Featured bedtime read: Tigers in Red Weather
Nick and her cousin, Helena, have grown up sharing sultry summers at Tiger House, the glorious old family estate on the island of Martha's Vineyard. As World War II ends they are on the cusp of adulthood, the world seeming to offer itself up to them. Helena is leaving for Hollywood and a new marriage, while Nick is to be reunited with her young husband Hughes, due to return from London and the war. Everything is about to change.
Neither quite finds the life she had imagined, and as the years pass, the trips to Tiger House take on a new complexity.
Then, on the brink of the 1960s, Nick's daughter Daisy and Helena's son Ed make a sinister discovery.

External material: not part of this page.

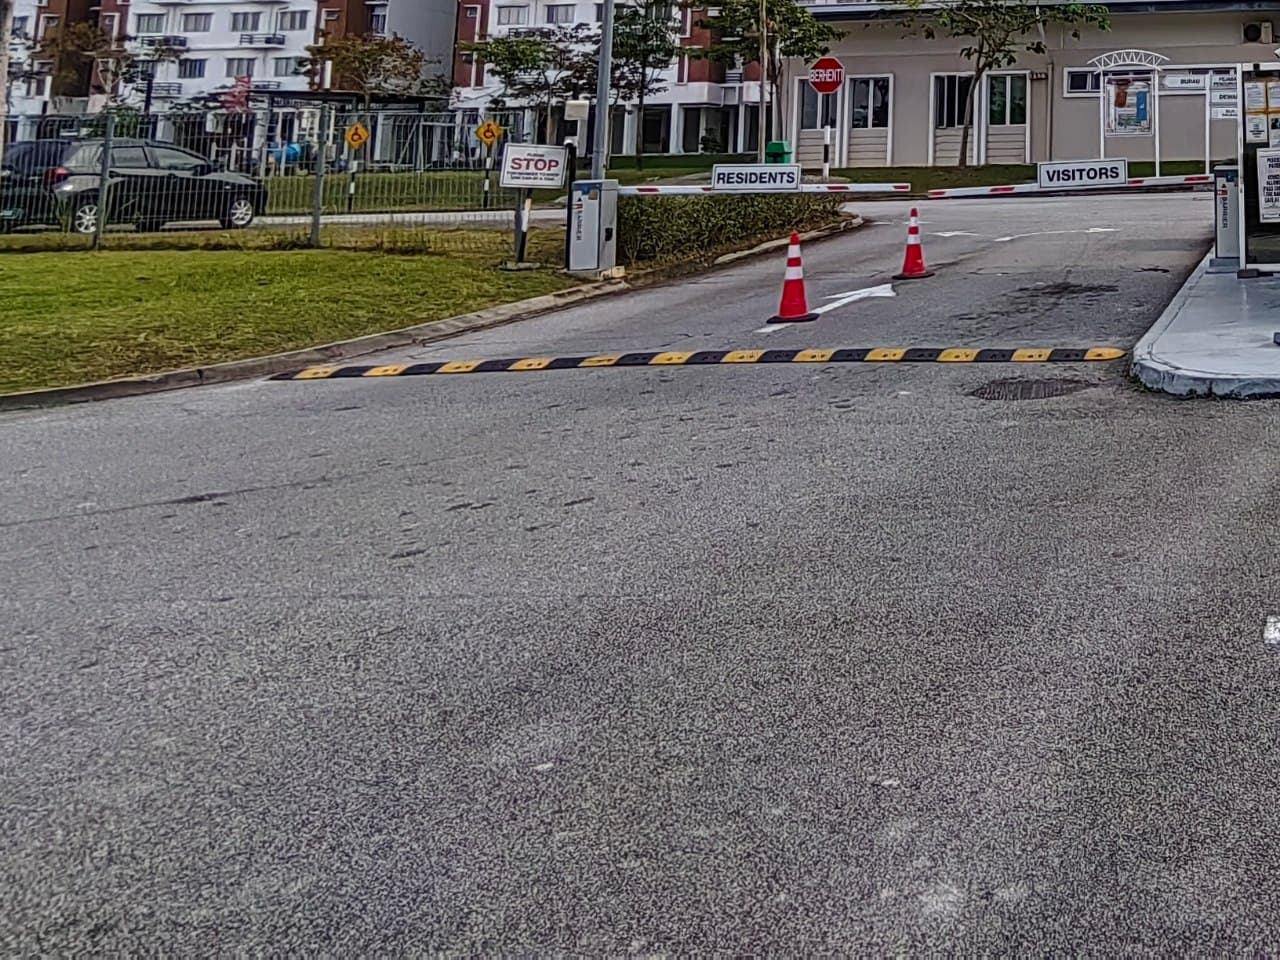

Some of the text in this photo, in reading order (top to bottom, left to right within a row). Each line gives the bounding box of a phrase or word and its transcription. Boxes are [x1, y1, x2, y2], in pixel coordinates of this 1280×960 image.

It plunges the island's bright heat into private shadow and sends a depth-charge to the heart of the family.
Summer seemed to arrive at that moment, with its mysterious mixture of salt, cold flesh and fuel.
Magnificently told from five perspectives, Tigers in Red Weather is an unforgettable debut: a simmering novel of passion, betrayal and secret violence beneath a polished and fragile facade.
"I'm not sure if it's a blessing or a curse," Helena said.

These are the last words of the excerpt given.